GustyWind
GustyWind

Reputation: 3036

Tools similar to HTTP Watch or YSlow for Google Chrome browser

Hi We are testing our app in Google chrome for support. The basic loading is in scrambled and all the pages are in total CSS mess which we need to clean up unfortunately.For this I require a tool which works similar to firebug for Mozilla.Also to check headers, cookies, caching and POST data ,compression, redirection & chunked encoding a similar tool to HTTP watch is also desired. Any suggestions.Thanks

Upvotes: 14

Views: 46808

Answers (6)

holydevil
holydevil

Reputation: 186

YSlow for Google Chrome was launched last week - http://developer.yahoo.com/blogs/ydn/posts/2011/03/yslow-for-chrome/

Other than that, you can try using Google sped tracer(it works only in Chrome dev version).

Upvotes: 3

Kenneth Jiang
Kenneth Jiang

Reputation: 11

Open "Developer Tools" in menu 'View' -> 'Developer'. It will give you a bunch of tabs. Click on "Resources" and then "enable" it (it's disabled by default). Chrome will start tracking http traffics and give you the info (almost) as rick as you can get from HttpWatch.

I'm using Chrome 8.0.

Upvotes: 1

Daniel Ribeiro
Daniel Ribeiro

Reputation: 3119

Google has a whole page on this subject (along with the announcement that speed will be considered in ranking pages):

  • Page Speed, an open source Firefox/Firebug add-on that evaluates the performance of web pages and gives suggestions for improvement.
  • YSlow, a free tool from Yahoo! that suggests ways to improve website speed.
  • WebPagetest shows a waterfall view of your pages' load performance plus an optimization checklist.
  • In Webmaster Tools, Labs > Site Performance shows the speed of your website as experienced by users around the world as in the chart below. We've also blogged about site performance.

Upvotes: 3

milan
milan

Reputation: 12420

If you want Firebug for Chrome, try Firebug Lite: getfirebug.com/firebuglite (can't post more than one link, huh), and here's a Chrome extension.

Upvotes: 2

reechard
reechard

Reputation: 882

Chrome comes with a Firebug equivalent built-in.
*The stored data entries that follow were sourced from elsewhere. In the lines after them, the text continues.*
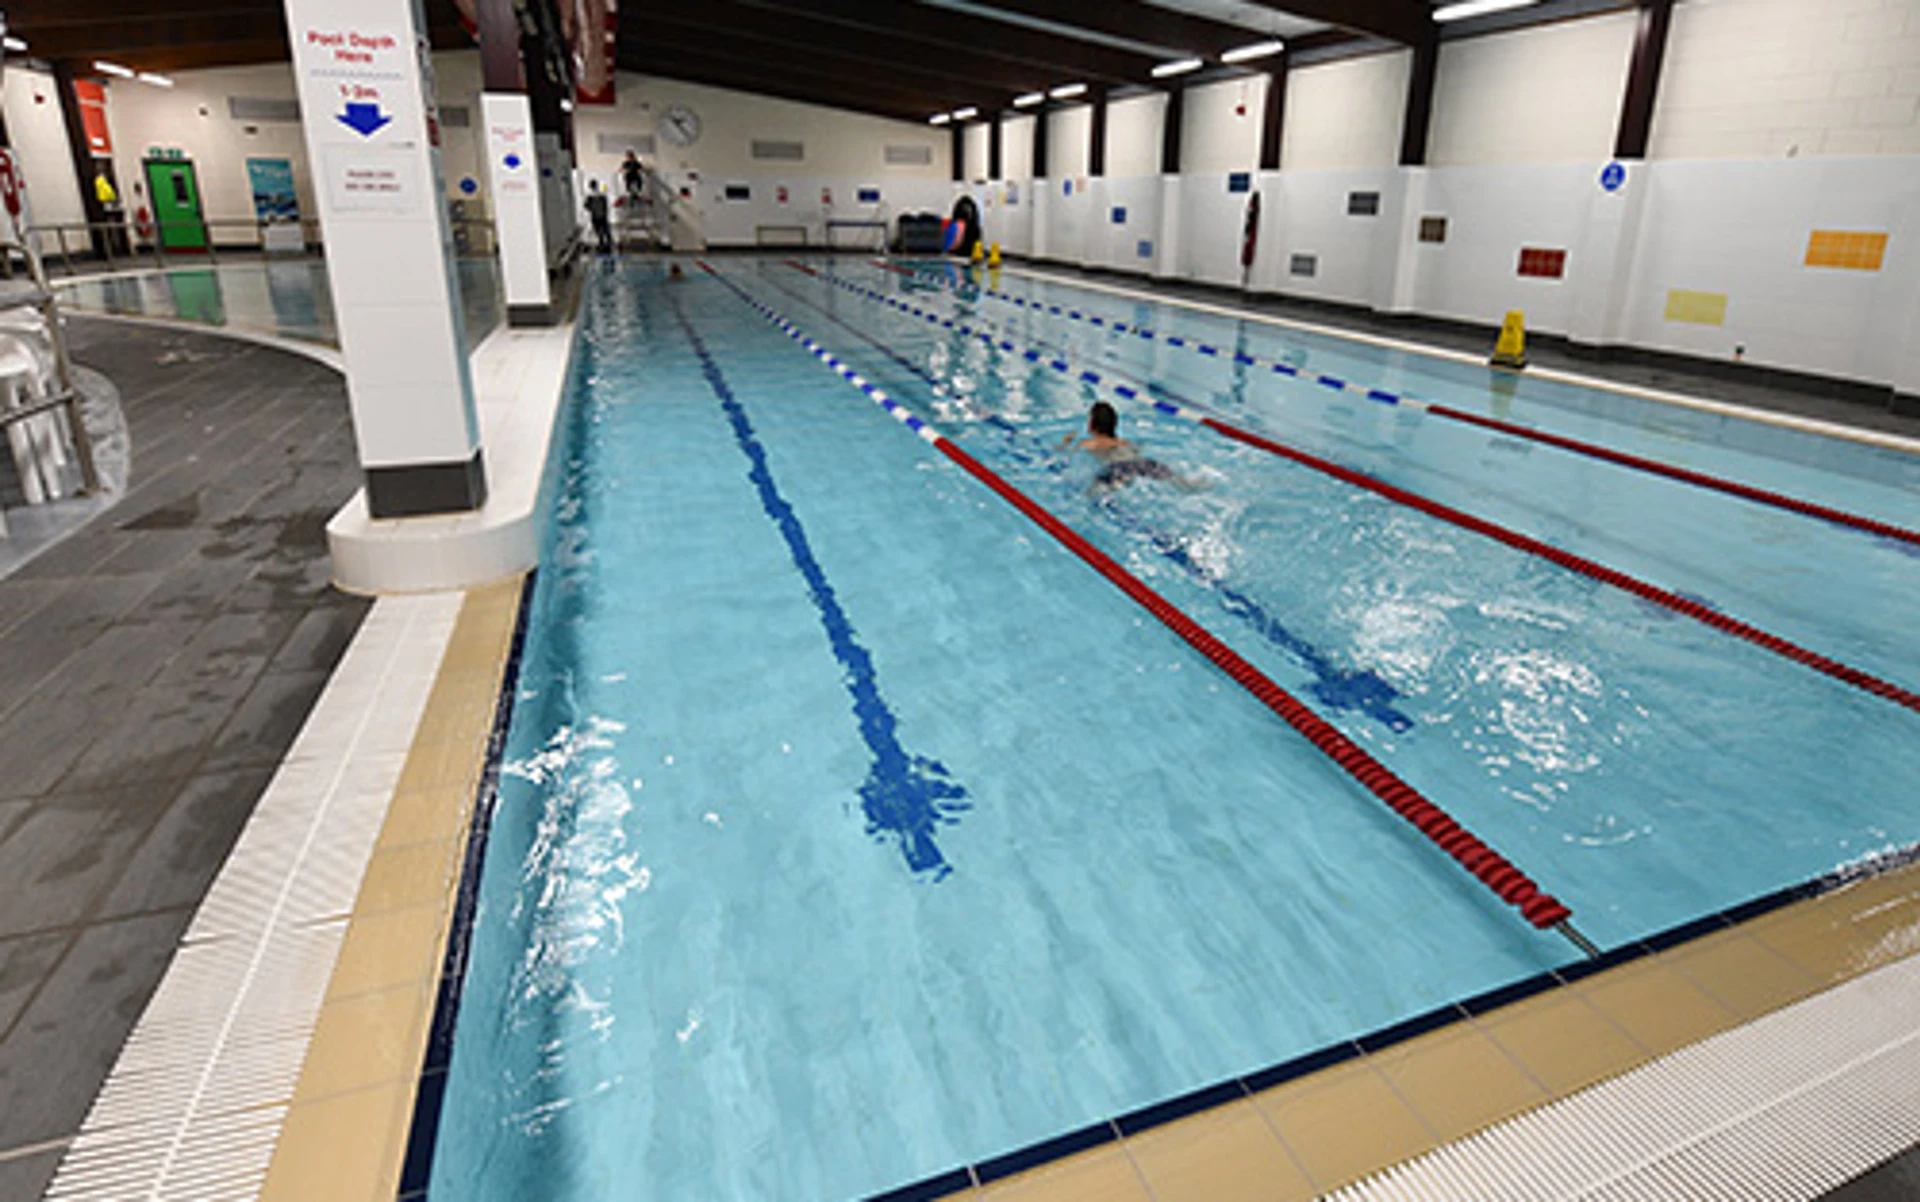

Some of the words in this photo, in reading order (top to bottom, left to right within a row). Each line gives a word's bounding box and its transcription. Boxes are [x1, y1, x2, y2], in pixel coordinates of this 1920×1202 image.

[307, 30, 343, 47] Pool
[349, 32, 396, 50] Depth
[335, 50, 373, 63] Here
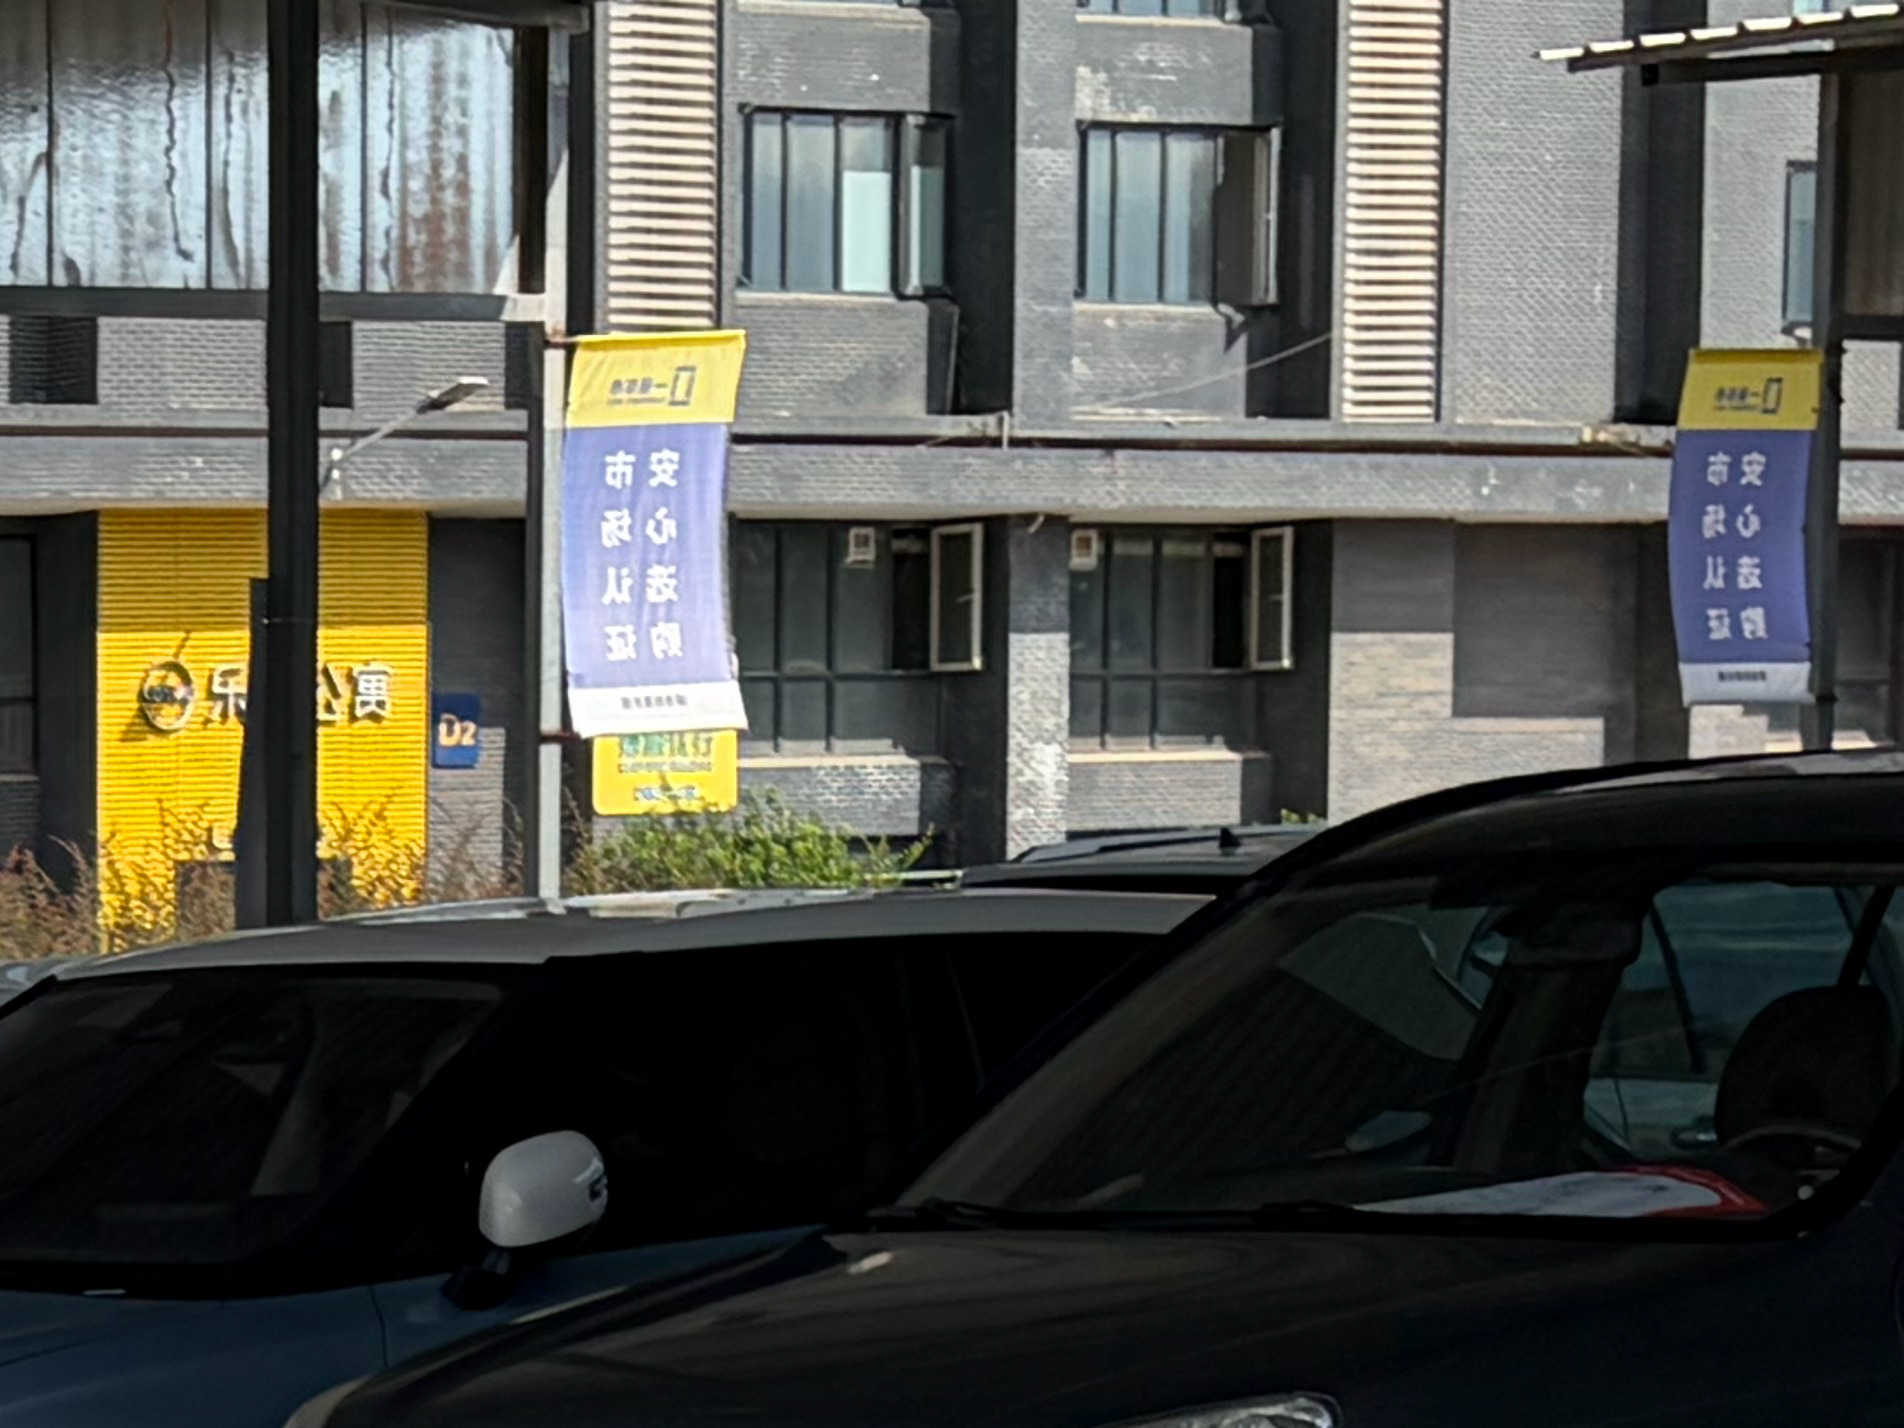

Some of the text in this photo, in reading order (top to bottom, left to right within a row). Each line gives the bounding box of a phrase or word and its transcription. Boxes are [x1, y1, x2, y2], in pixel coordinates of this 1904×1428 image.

[210, 661, 396, 723] 乐公寓
[438, 711, 478, 748] D2
Just right-click to inspect element and you should see the debugger.

Then install "Speed Tracer" and you will have profiling tools.

Upvotes: 11

Seth
Seth

Reputation: 46453

Try the inspector. It has basically the same feature set as Firebug, and is built-in (it comes with pretty much every WebKit-based browser, so you'll find it in Safari too).